Tinha nove anos quando se deparou com eles pela primeira vez. Não eram propriamente de grafite, mas adotariam sua textura alguns minutos depois. Na verdade, eram de um papel fotográfico excelente, que os conservava assustadoramente vivos, sob uma pesada mortalha de agentes químicos. Foram fixados ali no passado e eram então revelados à pequena Perla que, movida por desconhecida ânsia, dirigiu-se ao quarto, apanhou uma folha e, com um lápis, esboçou o rosto que os comportava.
Numa fria tarde de julho, quando da reunião de alguns parentes em sua casa, da solidão postada em pé na varanda, surgiu-lhe o desejo da partilha. Correu até seu pequeno baú e apanhou o esboço. A reação que sobreveio a cada um dos elegantes senhores que bebericavam o doce chá de ervas foi a mesma: assombro.
Perla possuía um dom e, pela incapacidade de reconhecê-lo quando menina, o tornava público com a corajosa inocência dos que desafiam os detentores da ignorância e da inveja. Quando curvada sobre o papel, tendo sempre ao lado uma fotografia, nem se dava conta de que a imagem se transportava de uma superfície a outra com uma rapidez e precisão impressionantes. Quase não sentia o lápis entre os dedos. Quase não se sentia.
Quando já acumulava dezenas de retratos, inspirados por fotografias apanhadas ao acaso de livros, jornais e revistas, inquietou-se diante da pasma indagação de sua tia Cora: "Mas, querida... por que só retratas os mortos?". Não respondeu. Não sabia. Sequer cogitara essa mórbida analogia. Passou-lhe pela cabeça, simplesmente, que, de alguma forma, aquilo não era verdade.
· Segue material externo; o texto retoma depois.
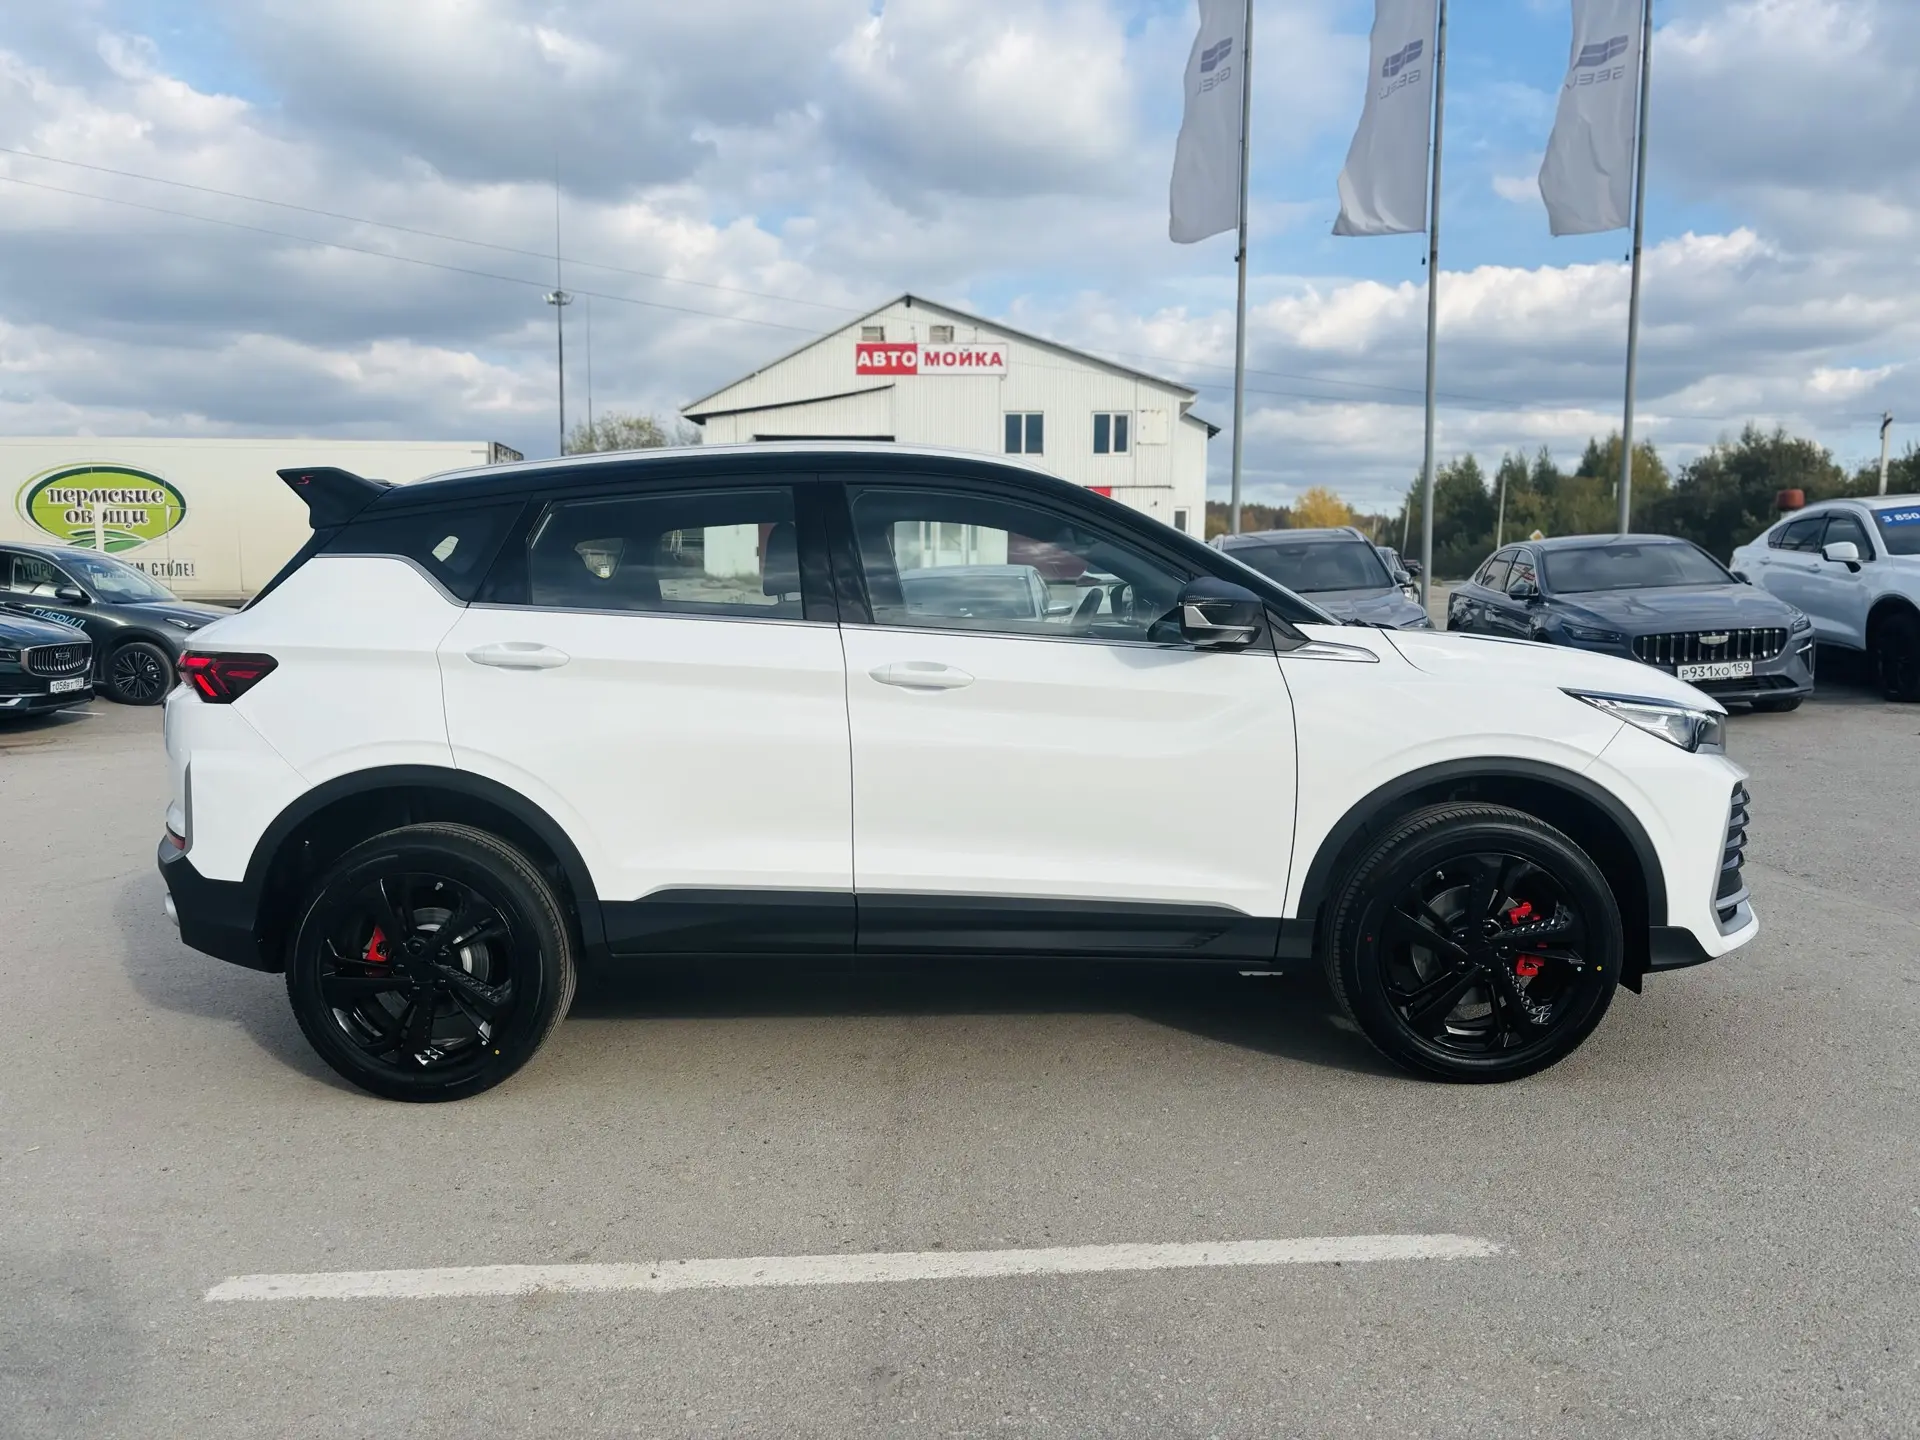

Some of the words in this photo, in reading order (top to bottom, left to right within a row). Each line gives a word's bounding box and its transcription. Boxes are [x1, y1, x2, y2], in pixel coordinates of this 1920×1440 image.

O passar dos anos permitiu-lhe fermentar, nos limites de sua lógica, a convicção que precisava emprestar àquela resposta que não fora capaz de dar e que, numa outra ocasião, irromperia o ar morno do outono com uma causticidade que constrangeria aquela mesma tia, em conversa travada por ambas no desbotado gramado da praça Flaubert.
Recostada no tronco de uma árvore seca, Perla fez sair, com essa mesma propriedade, a pergunta de sua garganta jovem: "Por que imaginas que só retrato os mortos?". Apanhada de surpresa, Cora pensou um pouco para lhe responder: "Não imagino. Todos aqueles retratos que faz e que guarda no velho baú, são de pessoas já falecidas". Segura de si, Perla tentou se explicar: "Sabes que não é verdade! Desenho rostos a partir de fotografias e no momento em que aquelas pessoas foram fotografadas, estavam vivas, portanto não se tratam de retratos de pessoas mortas, não senhora!". Um tanto confusa, Cora quis saber: "Mas por que diabos está falando disso agora, menina?". Perla então emprestou à sua voz a capacidade de condução elétrica de um metal: "Porque queria certificar-me de que também você se engana quanto à representação da vida pela arte e se engana, sobretudo, defendendo uma idéia tão romântica da morte!". Já tensa, buscando nas roupas um lugar onde esconder as mãos, Cora buscou no improviso uma saída possível: "E que idéia tão romântica é essa que defendo?". Perla então se limitou a dizer: "Essa, de que a vida fantasia-se de morte e não o contrário".